Exercise data —
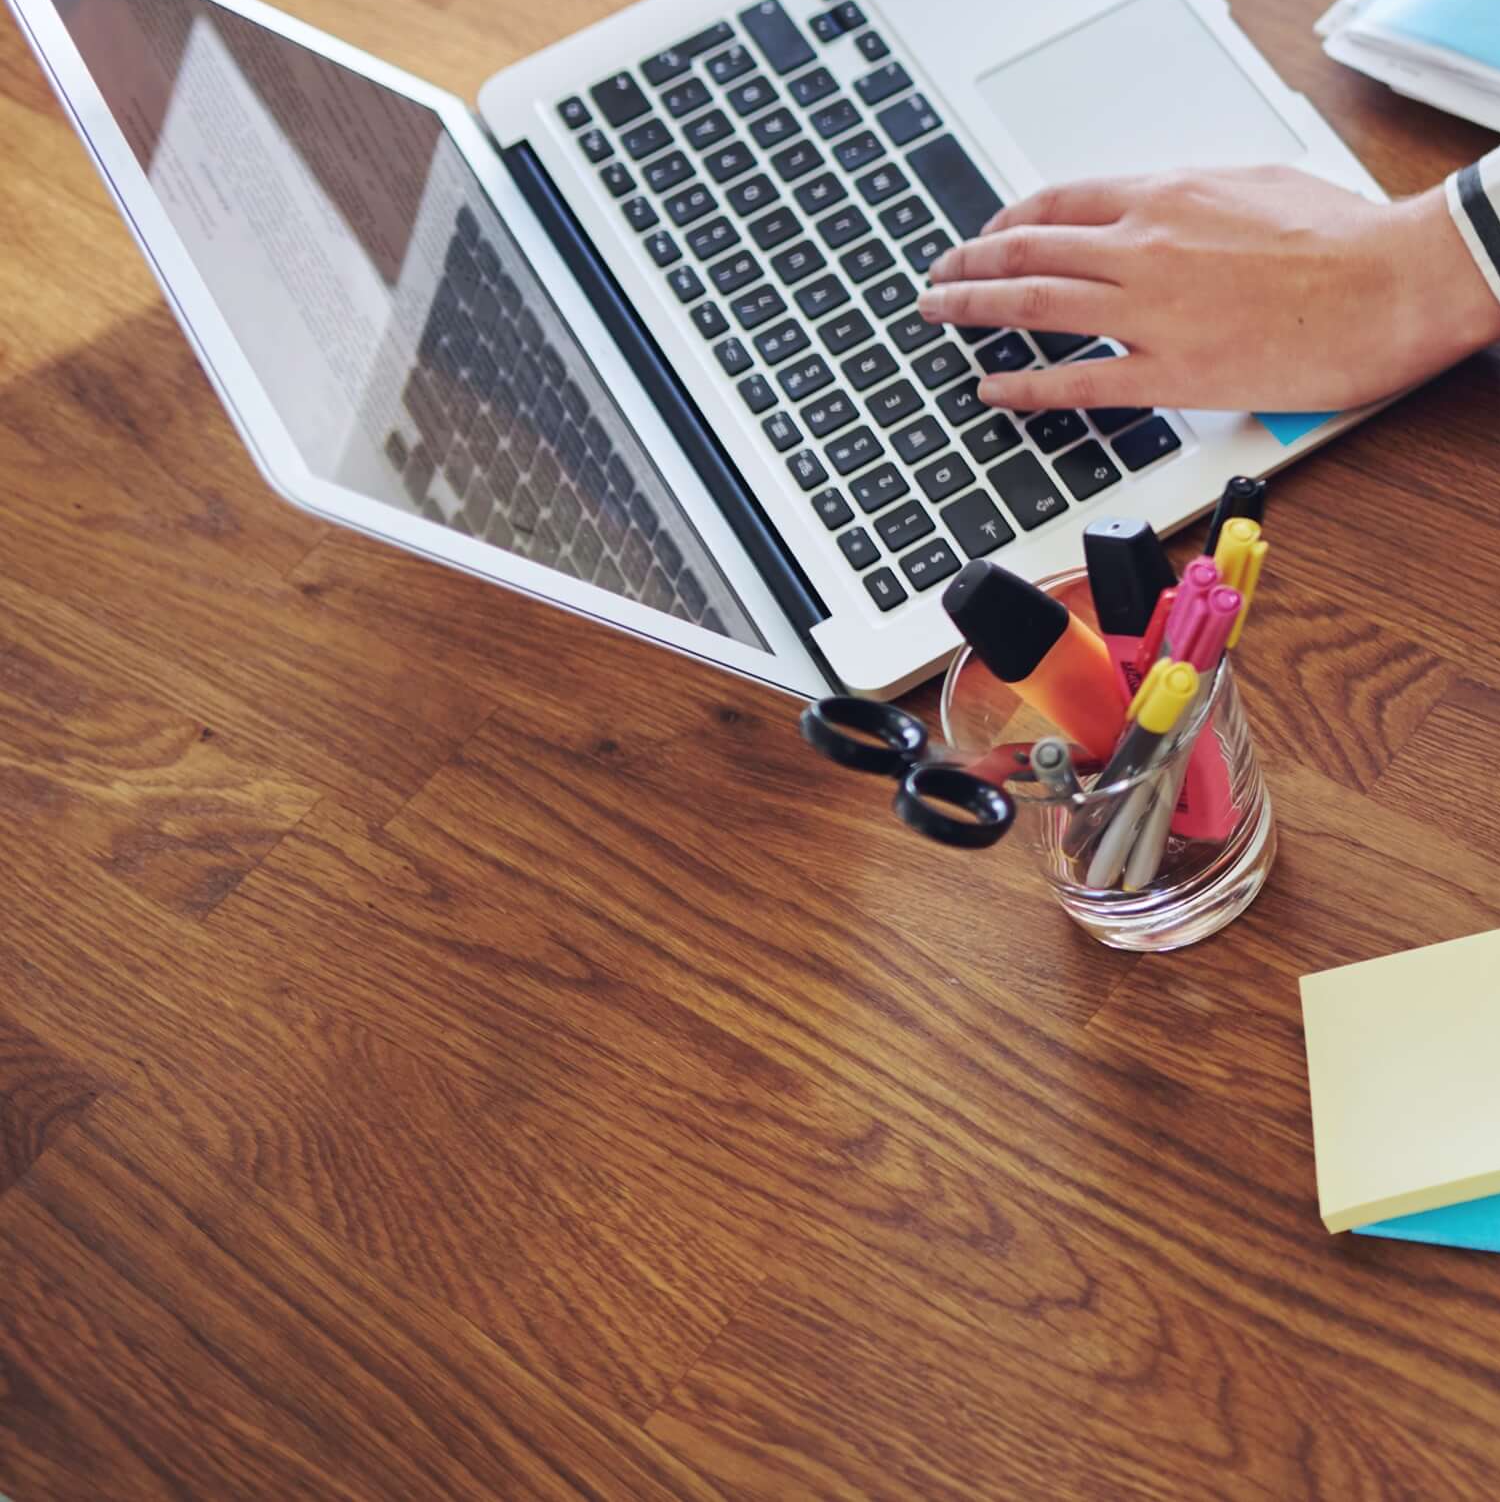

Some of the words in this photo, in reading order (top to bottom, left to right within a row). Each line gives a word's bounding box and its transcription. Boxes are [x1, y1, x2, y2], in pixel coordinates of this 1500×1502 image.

[813, 186, 826, 198] K
[790, 254, 805, 268] U
[860, 253, 873, 266] H
[813, 290, 826, 303] Y
[882, 287, 898, 301] G
[783, 330, 796, 341] 6
[836, 326, 851, 337] T
[906, 325, 921, 336] F
[862, 359, 876, 372] R
[932, 358, 947, 372] D
[806, 366, 820, 378] 5
[885, 396, 901, 408] E
[957, 394, 972, 406] S
[830, 402, 842, 412] 4
[910, 431, 926, 448] W
[984, 430, 997, 442] A
[854, 438, 868, 451] 3
[936, 468, 951, 483] Q
[879, 476, 893, 488] 2

Activity —
Please print all the data above word for word. Pictures should not appear in the copy.

Answer area —
Some of the words in this photo, in reading order (top to bottom, left to right within a row). Each line gives a word's bounding box and its transcription. Boxes are [x1, y1, x2, y2], in pixel coordinates of this 1500×1502 image.

[813, 186, 826, 198] K
[790, 254, 805, 268] U
[860, 253, 873, 266] H
[813, 290, 826, 303] Y
[882, 287, 898, 301] G
[783, 330, 796, 341] 6
[836, 326, 851, 337] T
[906, 325, 921, 336] F
[862, 359, 876, 372] R
[932, 358, 947, 372] D
[806, 366, 820, 378] 5
[885, 396, 901, 408] E
[957, 394, 972, 406] S
[830, 402, 842, 412] 4
[910, 431, 926, 448] W
[984, 430, 997, 442] A
[854, 438, 868, 451] 3
[936, 468, 951, 483] Q
[879, 476, 893, 488] 2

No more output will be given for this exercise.